The EPA’s effort to reduce carbon emissions by 30 percent will take the war on coal to the next level, and will probably inspire a new round of retirements. The industry has significantly reduced its emissions of sulfur oxides, nitrogen oxides, and other toxic pollutants by installing scrubbers and other mitigation equipment. But scrubbers can’t scrub carbon. The Obama stimulus did help finance several efforts to capture and store carbon from coal plants, a rare deviation from the administration’s regulatory war on coal, but so far those “clean coal” projects have been uneconomical despite the extremely generous federal subsidies.
“Coal is dead,” says Jon Wellinghoff, who served as chairman of the Federal Energy Regulatory Commission from 2009 until 2013. “Nobody wants a new plant, and the old ones are going to shut down one by one. I just don’t see a future for coal in the U.S.”
But if coal is no longer the cheapest source of electricity, it is still the largest source, and existing coal plants still have one big advantage over planned wind and solar farms: They’re already built. It’s hard to say that coal is dead when it still has 275,000 megawatts of capacity that isn’t scheduled to retire. The industry warns that the war on coal will ratchet up utility bills in coal-dependent regions, while threatening the reliability of the grid. Coal provides 24-hour “baseload” power whether or not the sun is shining or the wind is blowing; the U.S. electricity supply barely kept up with demand during the extreme freeze created by last winter’s “polar vortex,” and a new wave of coal shutdowns could further limit supply.
“Last winter, the grid was pushed to the edge,” says one industry official. “With these new regulations, it could get pushed over the cliff.”
The National Mining Association, the U.S. Chamber of Commerce, and other coal-friendly groups are already raising alarms about gigantic rate increases.
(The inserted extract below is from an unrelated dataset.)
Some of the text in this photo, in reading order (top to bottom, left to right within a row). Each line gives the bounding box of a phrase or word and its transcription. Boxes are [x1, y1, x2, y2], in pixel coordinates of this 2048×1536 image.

But they’ve always raised alarms about gigantic rate increases whenever they’ve faced new regulations; that industry official admitted “there’s been some crying of wolf in the past.” Dirty coal-fired electricity will get somewhat more expensive, which is appropriate, since its price ought to reflect the hidden costs of its dirtiness. But even the nightmare scenario posed by a new Chamber study—an 0.2 percent hit to annual economic output—seemed relatively modest compared to the apocalyptic rhetoric that accompanied it. And the EPA noted in a response on its website that three fourths of the Chamber study’s “alleged cost estimates” came from carbon-capture requirements for gas plants, which will not be included in the new rules.
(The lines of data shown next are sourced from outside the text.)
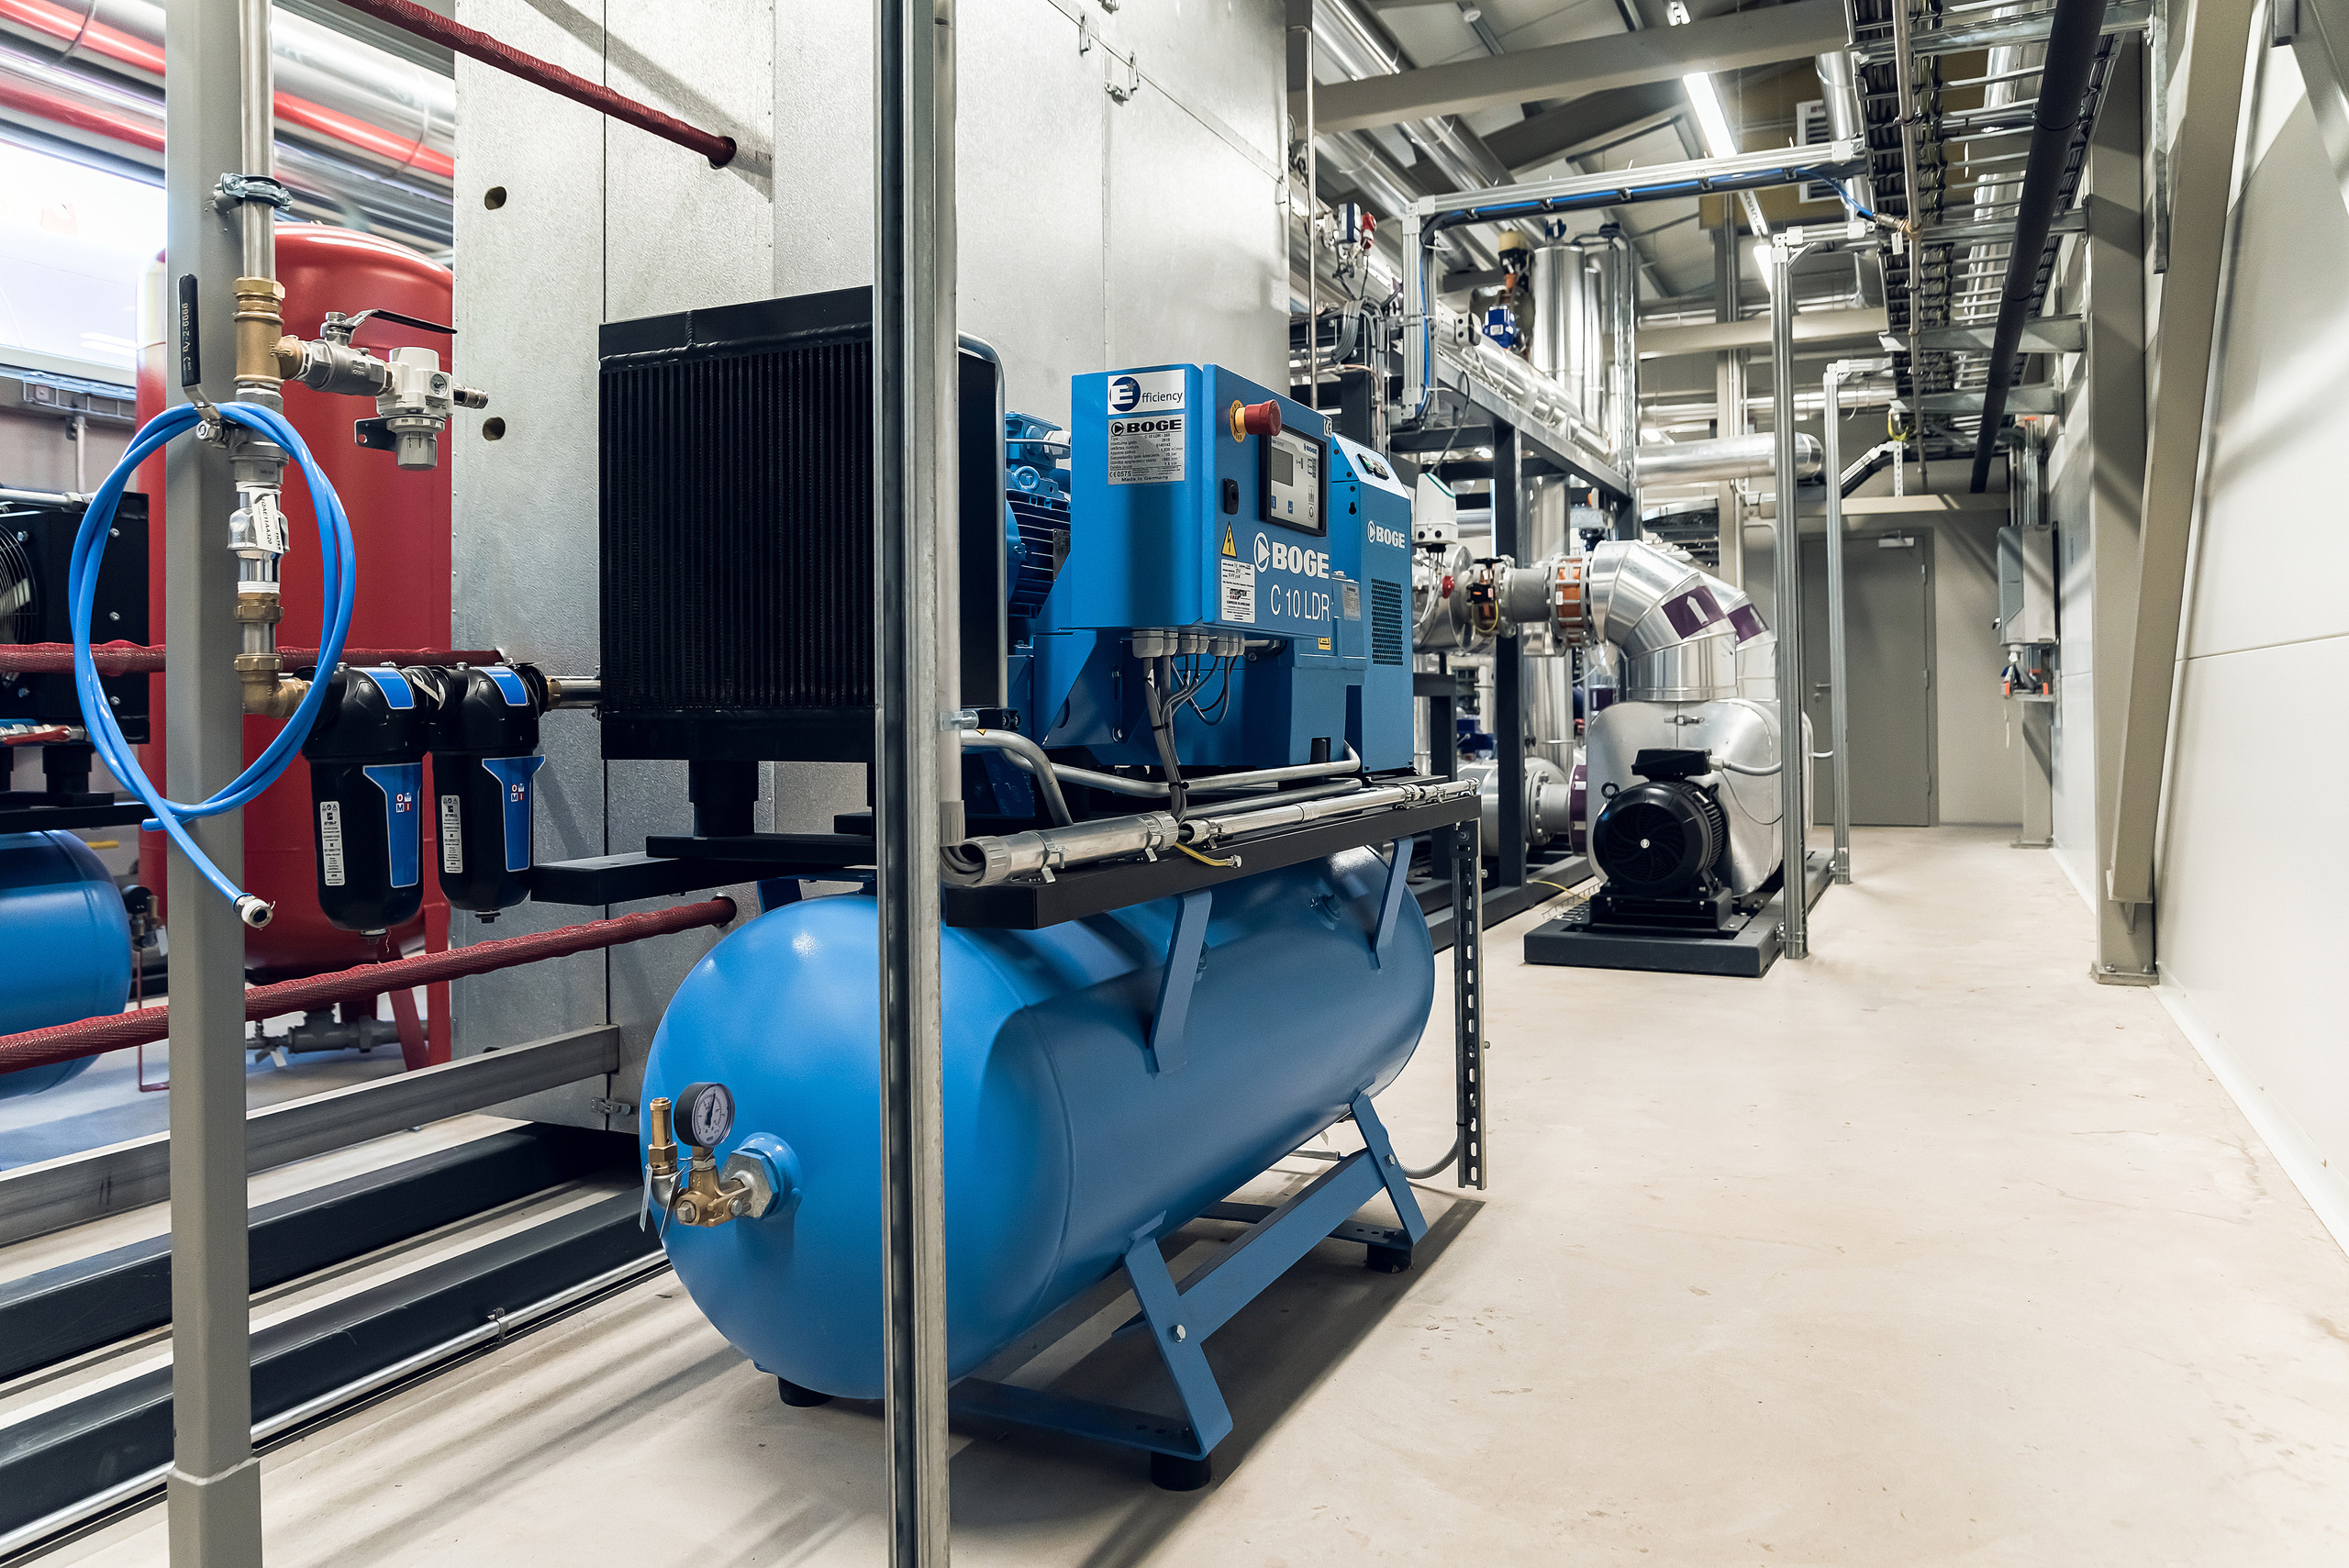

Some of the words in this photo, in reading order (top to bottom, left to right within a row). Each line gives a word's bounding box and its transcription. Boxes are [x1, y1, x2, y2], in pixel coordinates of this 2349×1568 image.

[1127, 419, 1182, 433] BOGE
[1376, 525, 1406, 550] BOGE
[1272, 541, 1330, 579] BOGE
[1271, 584, 1281, 616] C
[1286, 588, 1301, 618] 10
[1304, 590, 1330, 622] LDR
Those rules, after all, will be aimed at coal plants, even though Obama is likely to obfuscate about that politically inconvenient truth tomorrow. In the 2012 campaign, he actually ran ads reminding Ohio voters of Mitt Romney’s long-ago crusade against a massive coal plant in Salem, Massachusetts. “That plant kills people,” Romney had said, accurately, at a 2003 news conference.
Not anymore, though. On Sunday, as Obama prepared for one of the biggest moments of his presidency, the Salem Harbor Station shut down after more than sixty years in operation, the latest casualty of a just but undeclared war on coal.